Ähnlich sieht das Zaki Daryabi, Herausgeber der bekannten Tageszeitung »Etilaat Roz«. Das Blatt hat sich
in den letzten Jahren vor allem mit seiner Berichterstattung zum Thema Korruption einen Namen
gemacht – und stellte bekannte Mitglieder der afghanischen Regierung bloß. Dank Leaks und
investigativer Recherchen wurde immer wieder deutlich, wie westliche Hilfsgelder in den Taschen
korrupter Politiker landeten. Entsprechend viele Feinde hat die Zeitung.

»Etilaat Roz«-Herausgeber Zaki Daryabi: Ist für seine Arbeit ausgezeichnet worden      Foto: Emran Feroz

Auch das Büro von »Etilaat Roz« liegt hinter dicken Mauern an einem unscheinbaren Ort in Kabul. Wer
die Eingangstür betritt, wird ausführlich gefilzt und befragt. »Wir erhalten immer wieder Drohungen.
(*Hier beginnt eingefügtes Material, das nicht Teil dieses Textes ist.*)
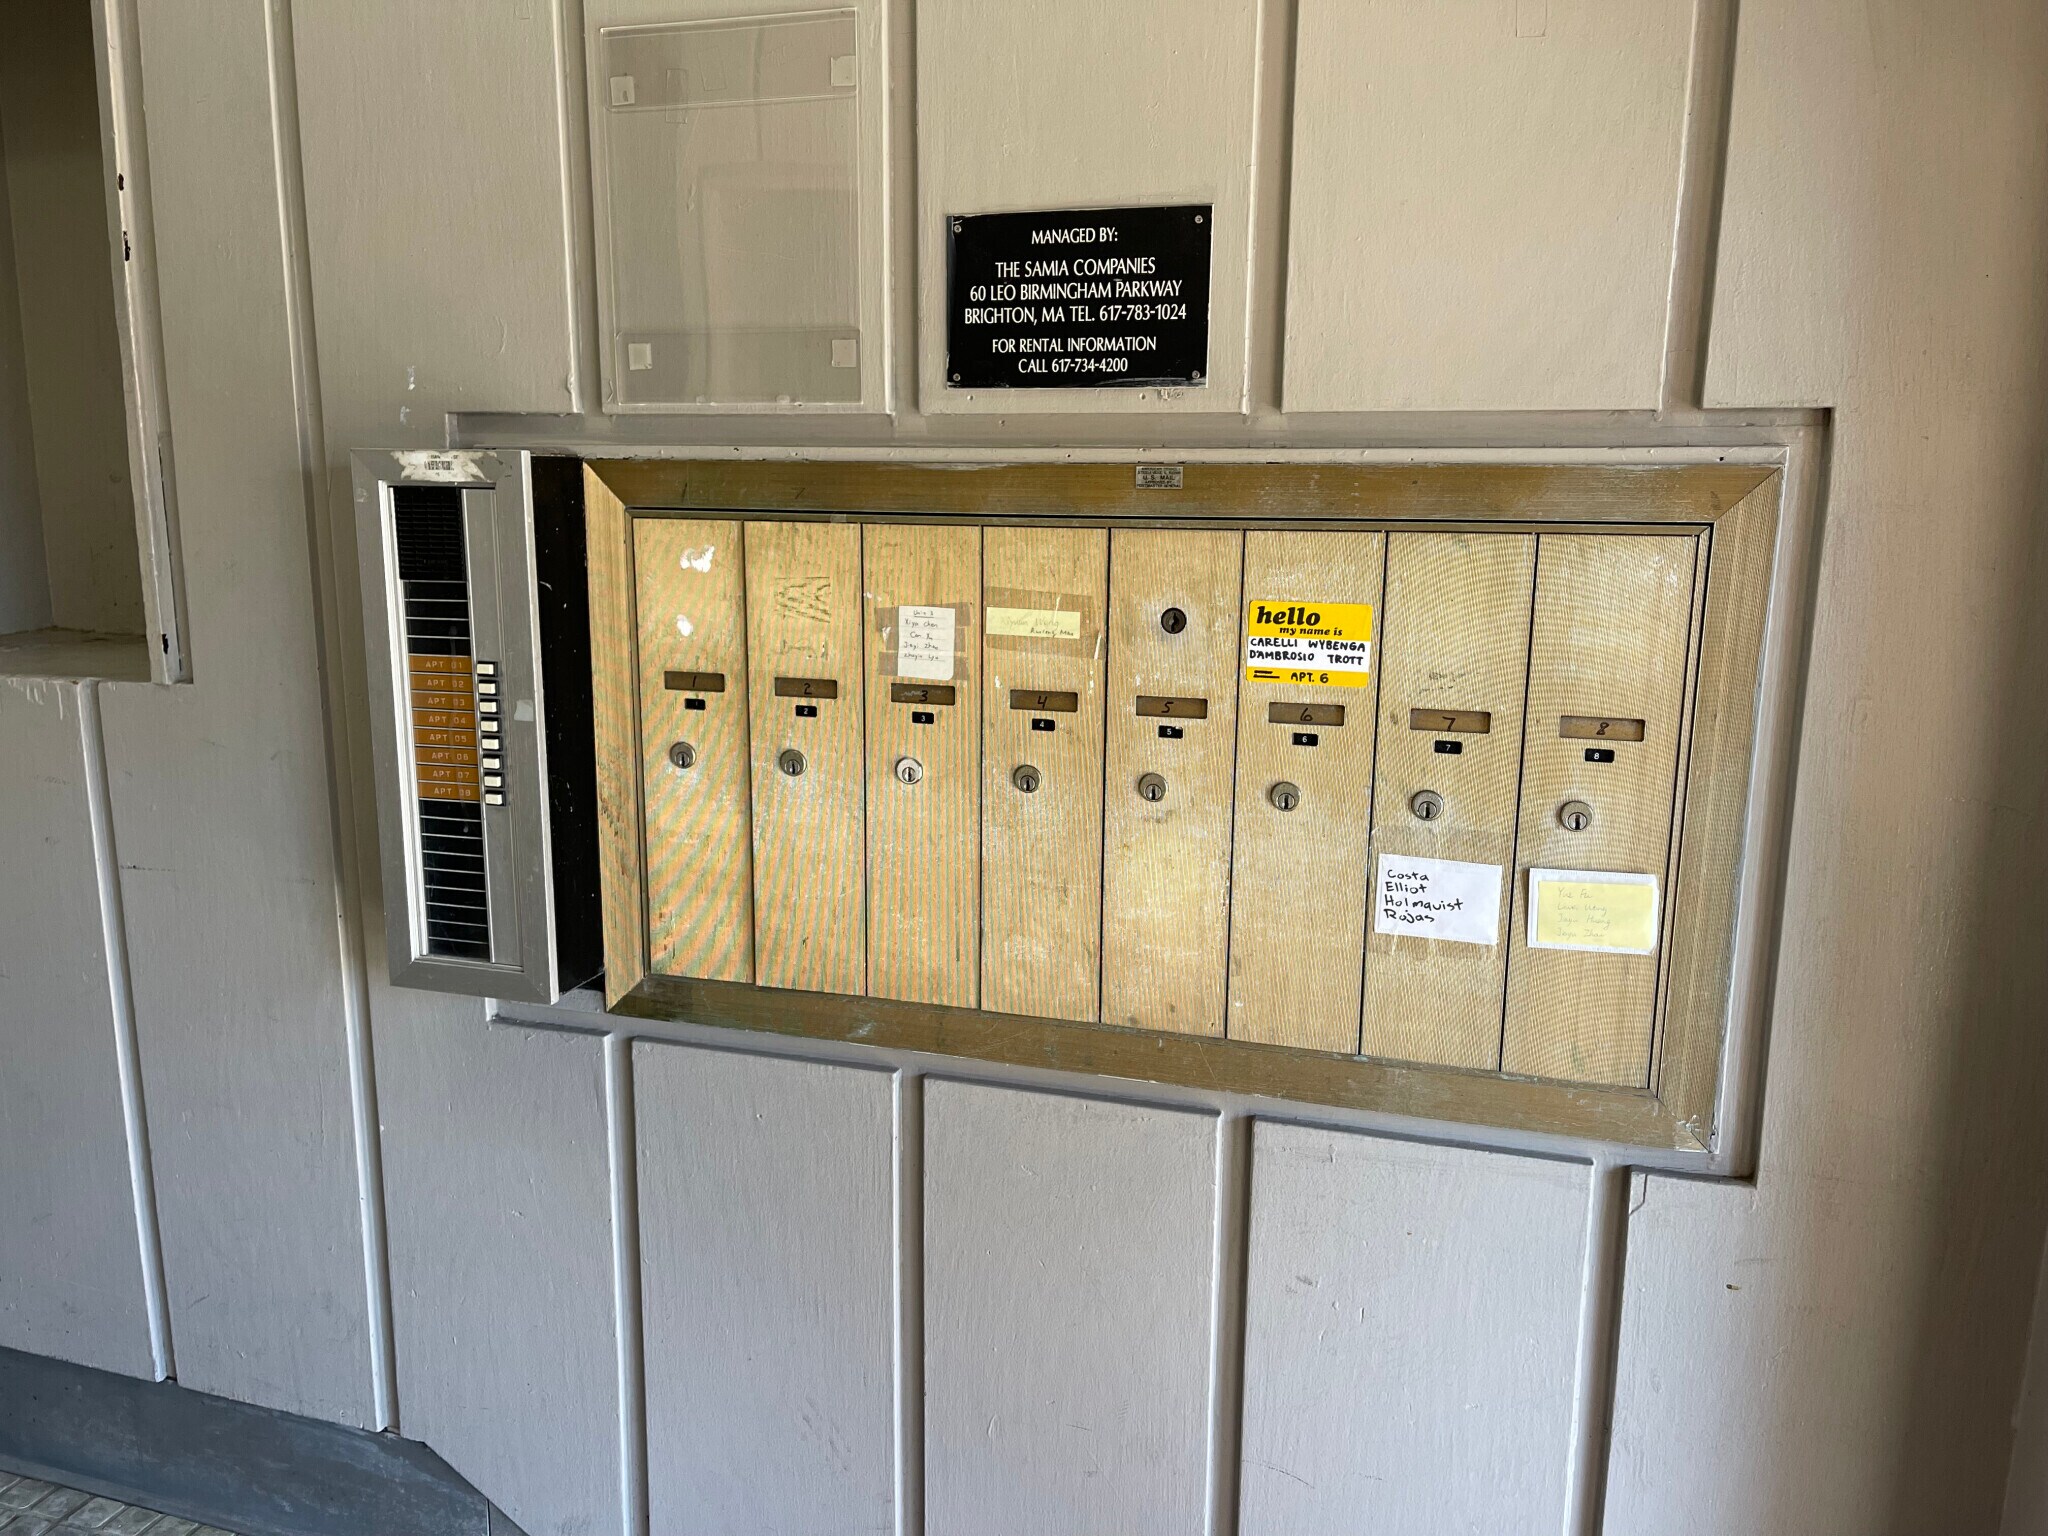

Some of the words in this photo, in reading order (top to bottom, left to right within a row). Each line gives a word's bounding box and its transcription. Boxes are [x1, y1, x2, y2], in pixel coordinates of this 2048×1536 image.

[1032, 228, 1096, 244] MANAGED
[1099, 227, 1118, 242] BY:
[995, 262, 1020, 278] THE
[1025, 260, 1069, 276] SAMIA
[1073, 257, 1156, 276] COMPANIES
[970, 286, 986, 302] 60
[990, 284, 1016, 301] LEO
[1020, 282, 1112, 300] BIRMINGHAM
[1116, 280, 1182, 297] PARKWAY
[964, 307, 1038, 326] BRIGHTON,
[1042, 307, 1065, 322] MA
[1070, 306, 1095, 322] TEL.
[1099, 304, 1187, 321] 617-783-1024
[992, 339, 1016, 353] FOR
[1020, 338, 1064, 352] RENTAL
[1068, 336, 1156, 352] INFORMATION
[1018, 359, 1048, 373] CALL
[1052, 358, 1128, 372] 617-734-4200
[1256, 606, 1320, 626] hello
[1280, 627, 1296, 636] my
[1334, 627, 1342, 636] is
[1251, 638, 1297, 648] CARELLI
[1308, 640, 1366, 652] WYBENGA
[1250, 650, 1314, 662] D'AMBROSIO
[1327, 654, 1364, 666] TROTT
[692, 676, 697, 688] 1
[1291, 672, 1315, 682] APT.
[1320, 673, 1329, 683] 6
[804, 683, 812, 695] 2
[918, 690, 928, 702] 3
[1037, 696, 1047, 708] 4
[1161, 702, 1173, 713] 5
[1300, 707, 1313, 722] 6
[1442, 716, 1456, 732] 7
[1596, 722, 1609, 735] 8
[1387, 869, 1429, 881] Costa
[1385, 881, 1427, 894] Elliot
[1385, 894, 1464, 911] Holmquist
[1384, 909, 1434, 924] Rojas
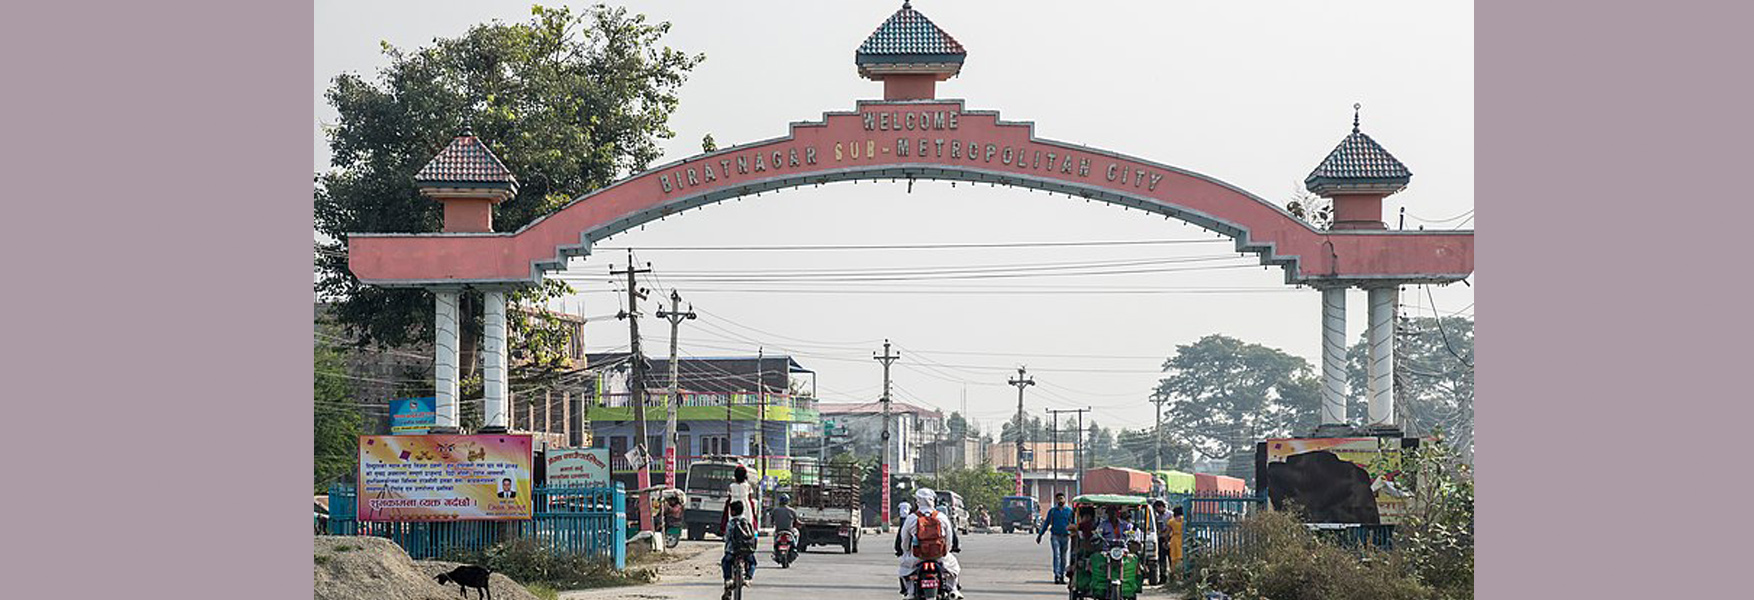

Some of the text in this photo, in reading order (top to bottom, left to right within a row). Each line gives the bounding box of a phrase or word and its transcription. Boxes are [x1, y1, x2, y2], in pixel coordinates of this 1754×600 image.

[863, 110, 960, 131] WELCOME
[659, 147, 818, 193] BIRATNAGAR
[1106, 163, 1163, 192] CITY
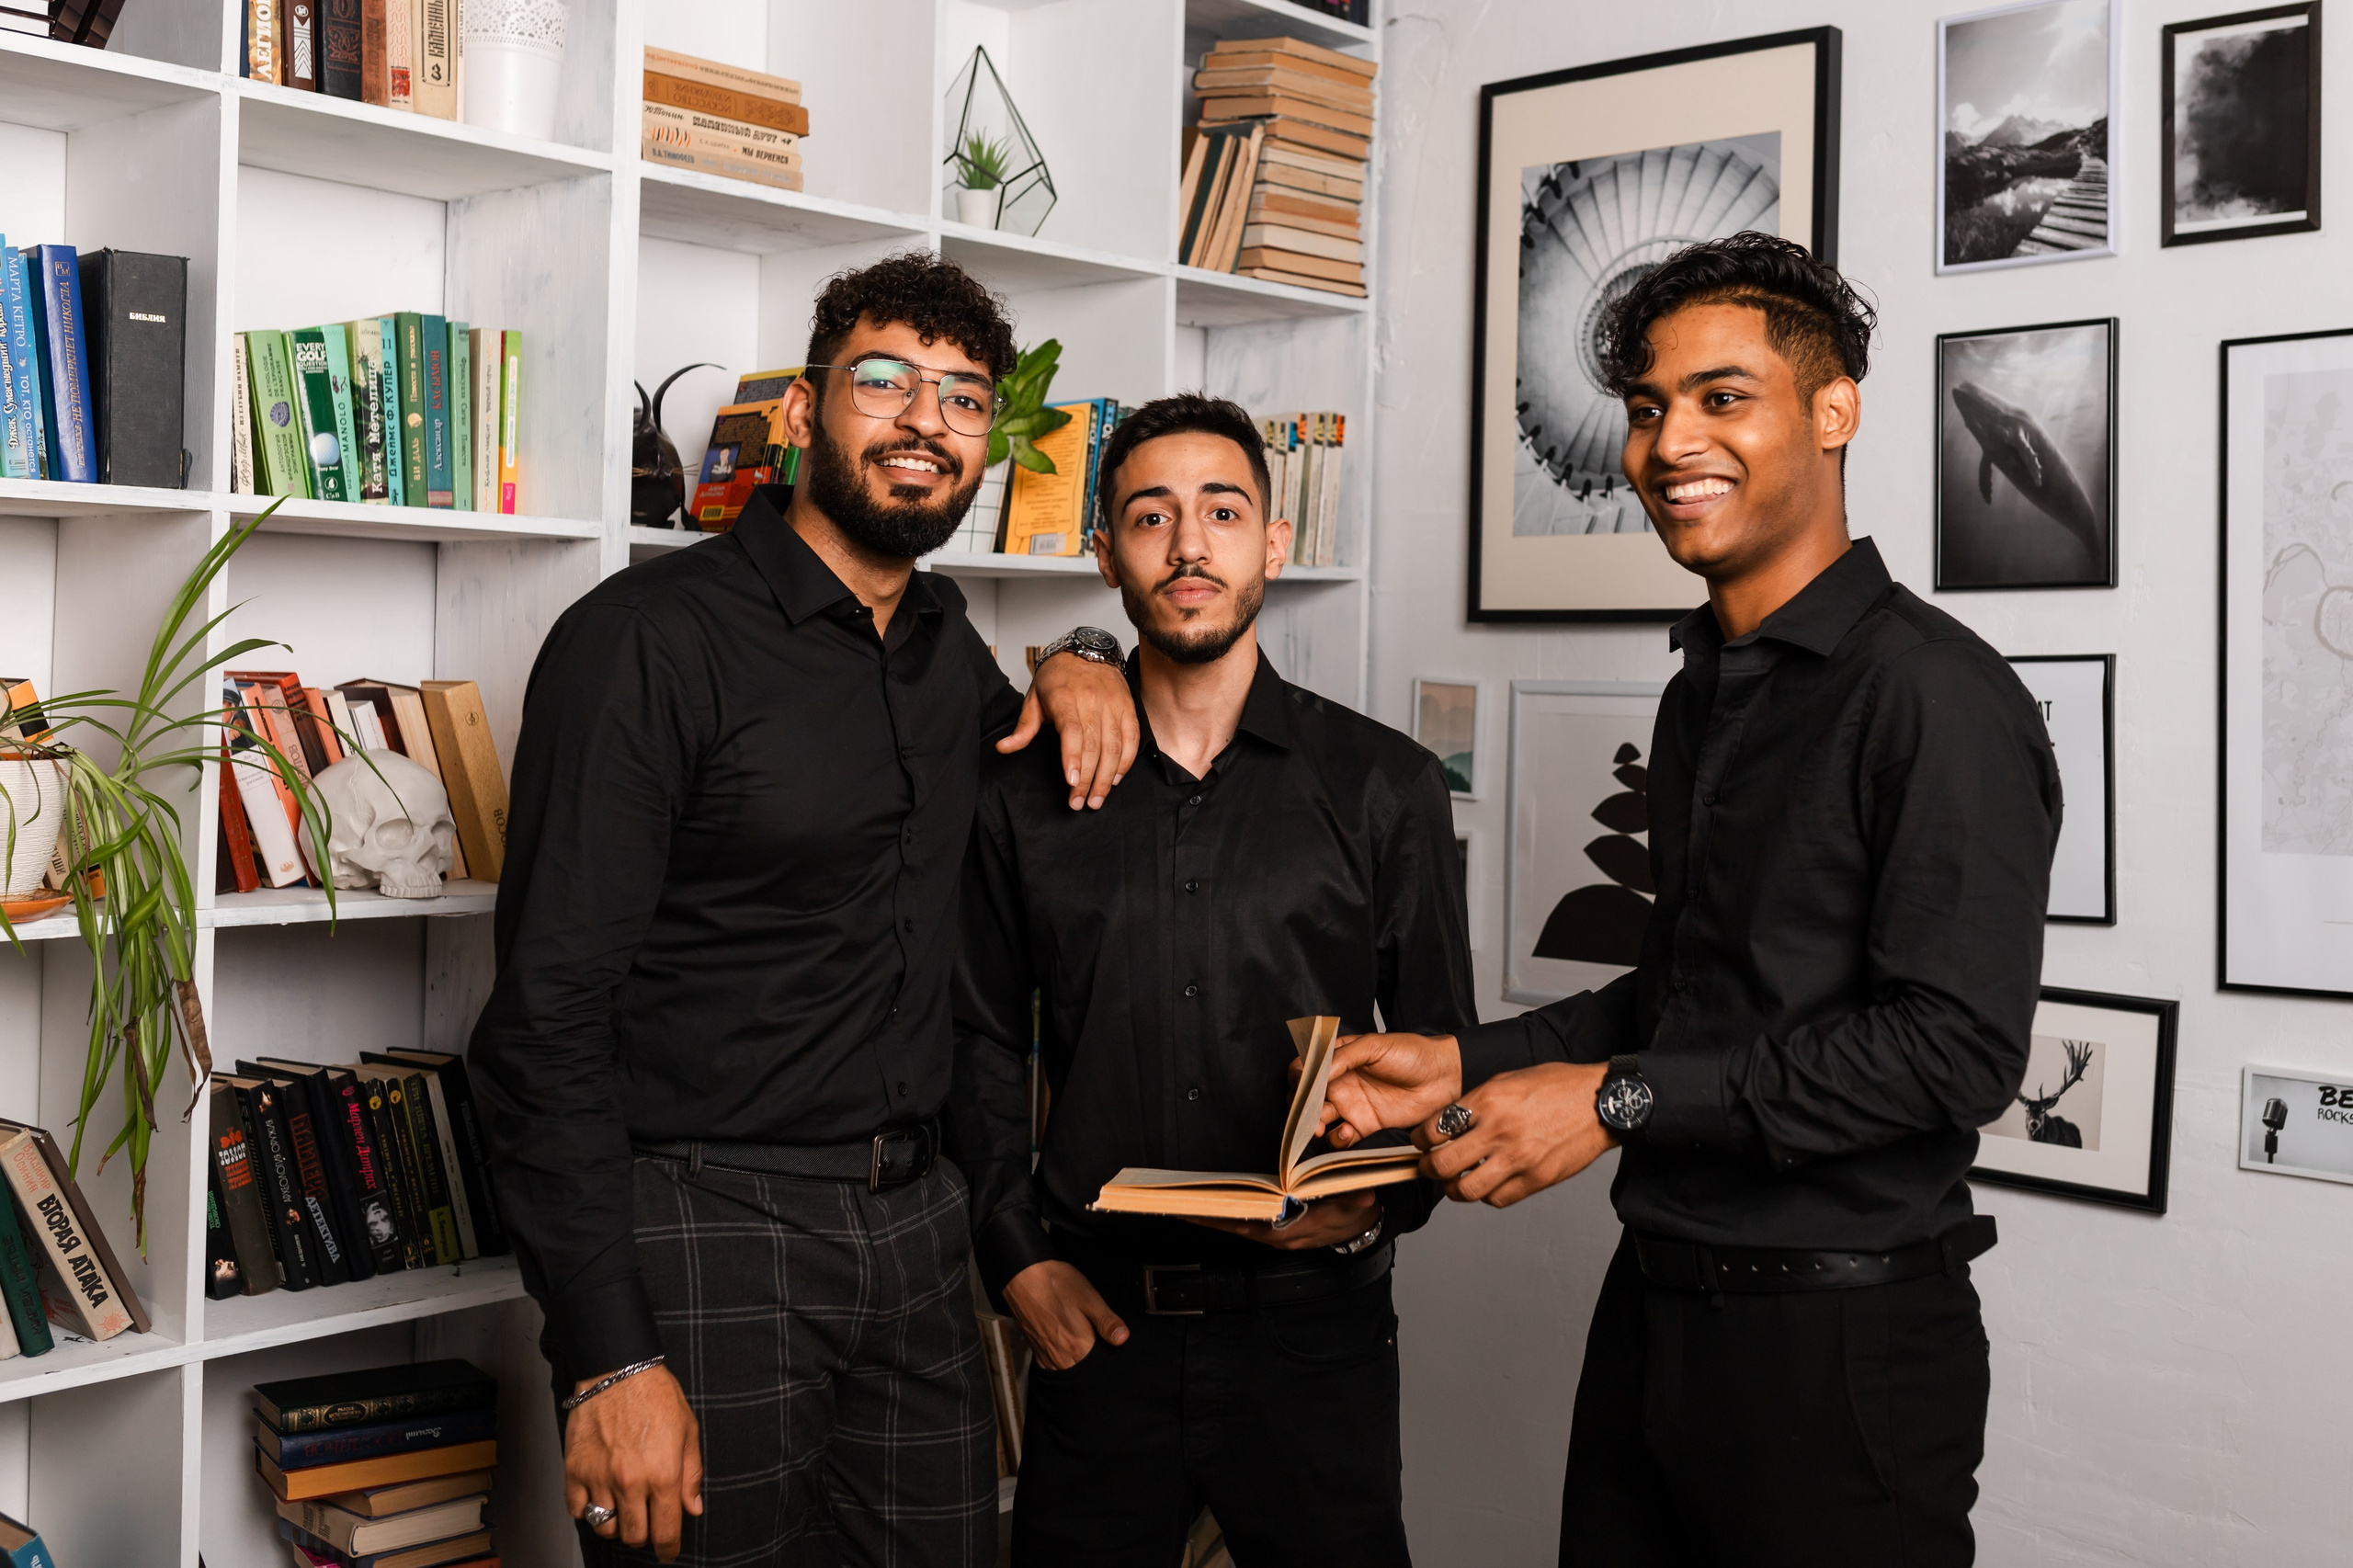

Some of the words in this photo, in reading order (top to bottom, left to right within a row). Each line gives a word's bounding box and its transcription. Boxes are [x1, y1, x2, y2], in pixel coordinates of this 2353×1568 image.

Allerdings sind die Adressaten unbekannt. Sie könnten praktisch von jeder Seite stammen«, erzählt
Daryabi.
Vor Kurzem gewannen er und sein Team den jährlichen Anti-Corruption Award der NGO Transparency
International. »Der Preis hat uns bestätigt, dass wir etwas richtig machen. Er ermutigt uns, unsere Arbeit
trotz der gefährlichen Umstände fortzuführen«, sagt Daryabi. »Die Pressefreiheit wird in diesem Land
jeden Tag angegriffen. Dabei gehört sie zu den fundamentalsten Werten dieses Landes.«
Er geht davon aus, dass sich die Zustände verschlimmern werden, sobald die Taliban nach Kabul
zurückkehren. »Jeder weiß, dass die Taliban nicht viel von einer freien Presse halten«, sagt er. Er will
trotzdem in Kabul bleiben, aber einige seiner Mitarbeiter haben Afghanistan verlassen. Daryabi macht
sich nicht nur um sich, sondern um seine Familie sorgen: »Selbst meine drei kleinen Söhne wissen
mittlerweile, dass sich die Lage in Kabul verschlechtert hat. Sie haben Angst.